[<prev] [next>] [<thread-prev] [thread-next>] [day] [month] [year] [list]
Message-Id: <3A6E599E-07AC-4273-8643-ADFC8014D3E6@cam.ac.uk>
Date: Wed, 19 Sep 2007 08:34:47 +0100
From: Anton Altaparmakov <aia21@....ac.uk>
To: Christoph Lameter <clameter@....com>
Cc: Christoph Hellwig <hch@....de>, Mel Gorman <mel@...net.ie>,
David Chinner <dgc@....com>,
Jens Axboe <jens.axboe@...cle.com>,
linux-fsdevel@...r.kernel.org, linux-kernel@...r.kernel.org
Subject: Re: [00/17] [RFC] Virtual Compound Page Support
Hi Christoph,
On 19 Sep 2007, at 04:36, Christoph Lameter wrote:
> Currently there is a strong tendency to avoid larger page
> allocations in
> the kernel because of past fragmentation issues and the current
> defragmentation methods are still evolving. It is not clear to what
> extend
> they can provide reliable allocations for higher order pages (plus the
> definition of "reliable" seems to be in the eye of the beholder).
>
> Currently we use vmalloc allocations in many locations to provide a
> safe
> way to allocate larger arrays. That is due to the danger of higher
> order
> allocations failing. Virtual Compound pages allow the use of regular
> page allocator allocations that will fall back only if there is an
> actual
> problem with acquiring a higher order page.
>
> This patch set provides a way for a higher page allocation to fall
> back.
> Instead of a physically contiguous page a virtually contiguous page
> is provided. The functionality of the vmalloc layer is used to provide
> the necessary page tables and control structures to establish a
> virtually
> contiguous area.
I like this a lot. It will get rid of all the silly games we have to
play when needing both large allocations and efficient allocations
where possible. In NTFS I can then just allocated higher order pages
instead of having to mess about with the allocation size and
allocating a single page if the requested size is <= PAGE_SIZE or
using vmalloc() if the size is bigger. And it will make it faster
because a lot of the time a higher order page allocation will succeed
with your patchset without resorting to vmalloc() so that will be a
lot faster.
So where I currently have fs/ntfs/malloc.h the below mess I could get
rid of it completely and just use the normal page allocator/
deallocator instead...
static inline void *__ntfs_malloc(unsigned long size, gfp_t gfp_mask)
{
if (likely(size <= PAGE_SIZE)) {
BUG_ON(!size);
/* kmalloc() has per-CPU caches so is faster for
now. */
return kmalloc(PAGE_SIZE, gfp_mask & ~__GFP_HIGHMEM);
/* return (void *)__get_free_page(gfp_mask); */
}
if (likely(size >> PAGE_SHIFT < num_physpages))
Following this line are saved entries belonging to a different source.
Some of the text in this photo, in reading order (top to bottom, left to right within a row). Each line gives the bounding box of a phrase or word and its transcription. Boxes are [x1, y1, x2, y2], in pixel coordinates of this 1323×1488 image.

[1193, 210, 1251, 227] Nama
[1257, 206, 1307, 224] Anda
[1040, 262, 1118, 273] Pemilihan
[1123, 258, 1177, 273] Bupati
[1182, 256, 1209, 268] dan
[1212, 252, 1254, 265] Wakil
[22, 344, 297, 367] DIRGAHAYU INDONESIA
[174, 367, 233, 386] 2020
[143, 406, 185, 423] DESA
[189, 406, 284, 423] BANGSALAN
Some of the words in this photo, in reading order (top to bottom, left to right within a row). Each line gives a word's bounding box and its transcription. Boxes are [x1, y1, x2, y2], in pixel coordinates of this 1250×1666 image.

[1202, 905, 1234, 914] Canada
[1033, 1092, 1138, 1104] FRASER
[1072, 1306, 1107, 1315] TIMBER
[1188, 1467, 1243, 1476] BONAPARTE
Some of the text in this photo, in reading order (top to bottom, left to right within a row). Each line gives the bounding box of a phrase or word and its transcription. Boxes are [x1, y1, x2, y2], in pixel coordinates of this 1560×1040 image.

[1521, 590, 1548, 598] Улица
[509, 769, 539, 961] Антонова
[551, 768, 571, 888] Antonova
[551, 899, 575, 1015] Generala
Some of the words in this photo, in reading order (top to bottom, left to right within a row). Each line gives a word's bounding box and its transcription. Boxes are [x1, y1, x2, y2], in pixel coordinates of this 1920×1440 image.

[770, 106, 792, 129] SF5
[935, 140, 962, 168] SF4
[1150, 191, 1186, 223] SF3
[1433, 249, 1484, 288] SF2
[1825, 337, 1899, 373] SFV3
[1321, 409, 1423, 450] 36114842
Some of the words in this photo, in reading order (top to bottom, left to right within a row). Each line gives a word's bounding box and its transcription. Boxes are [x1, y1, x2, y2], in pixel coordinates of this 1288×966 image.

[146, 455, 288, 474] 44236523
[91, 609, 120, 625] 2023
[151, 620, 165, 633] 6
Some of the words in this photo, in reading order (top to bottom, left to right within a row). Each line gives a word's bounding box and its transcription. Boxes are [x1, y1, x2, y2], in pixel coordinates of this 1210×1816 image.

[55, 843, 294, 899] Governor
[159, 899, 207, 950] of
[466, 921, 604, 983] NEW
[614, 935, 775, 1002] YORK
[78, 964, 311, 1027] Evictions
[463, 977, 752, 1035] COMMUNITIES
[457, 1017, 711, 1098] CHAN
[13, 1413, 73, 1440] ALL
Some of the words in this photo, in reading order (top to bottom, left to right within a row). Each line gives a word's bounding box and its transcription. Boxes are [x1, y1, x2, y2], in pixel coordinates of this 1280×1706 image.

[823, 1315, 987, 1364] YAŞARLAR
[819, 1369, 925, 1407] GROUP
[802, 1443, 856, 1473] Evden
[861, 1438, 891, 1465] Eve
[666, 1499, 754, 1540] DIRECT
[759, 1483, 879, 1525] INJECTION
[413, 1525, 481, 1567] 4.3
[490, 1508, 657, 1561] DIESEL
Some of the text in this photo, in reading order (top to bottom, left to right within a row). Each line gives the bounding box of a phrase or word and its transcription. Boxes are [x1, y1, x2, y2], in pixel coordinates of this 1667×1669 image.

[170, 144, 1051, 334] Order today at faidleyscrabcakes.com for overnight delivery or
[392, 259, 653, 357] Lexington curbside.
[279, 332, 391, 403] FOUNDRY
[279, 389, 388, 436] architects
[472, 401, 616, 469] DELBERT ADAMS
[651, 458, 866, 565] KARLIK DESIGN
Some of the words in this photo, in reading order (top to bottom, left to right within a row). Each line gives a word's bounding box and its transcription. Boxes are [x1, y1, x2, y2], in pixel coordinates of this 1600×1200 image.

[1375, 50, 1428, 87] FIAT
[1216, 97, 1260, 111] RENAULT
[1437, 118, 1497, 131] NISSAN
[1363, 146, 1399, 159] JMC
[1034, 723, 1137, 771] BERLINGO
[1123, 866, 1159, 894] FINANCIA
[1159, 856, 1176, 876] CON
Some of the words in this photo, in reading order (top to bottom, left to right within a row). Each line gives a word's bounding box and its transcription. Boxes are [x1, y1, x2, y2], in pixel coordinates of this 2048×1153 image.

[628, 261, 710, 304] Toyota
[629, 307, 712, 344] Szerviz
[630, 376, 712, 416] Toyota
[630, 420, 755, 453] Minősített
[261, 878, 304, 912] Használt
return __vmalloc(size, gfp_mask, PAGE_KERNEL);
return NULL;
}
And other places in the kernel can make use of the same. I think XFS
does very similar things to NTFS in terms of larger allocations at
least and there are probably more places I don't know about off the
top of my head...
I am looking forward to your patchset going into mainline. (-:
Best regards,
Anton
> Advantages:
>
> - If higher order allocations are failing then virtual compound pages
> consisting of a series of order-0 pages can stand in for those
> allocations.
>
> - "Reliability" as long as the vmalloc layer can provide virtual
> mappings.
>
> - Ability to reduce the use of vmalloc layer significantly by using
> physically contiguous memory instead of virtual contiguous memory.
> Most uses of vmalloc() can be converted to page allocator calls.
>
> - The use of physically contiguous memory instead of vmalloc may
> allow the
> use larger TLB entries thus reducing TLB pressure. Also reduces
> the need
> for page table walks.
>
> Disadvantages:
>
> - In order to use fall back the logic accessing the memory must be
> aware that the memory could be backed by a virtual mapping and take
> precautions. virt_to_page() and page_address() may not work and
> vmalloc_to_page() and vmalloc_address() (introduced through this
> patch set) may have to be called.
>
> - Virtual mappings are less efficient than physical mappings.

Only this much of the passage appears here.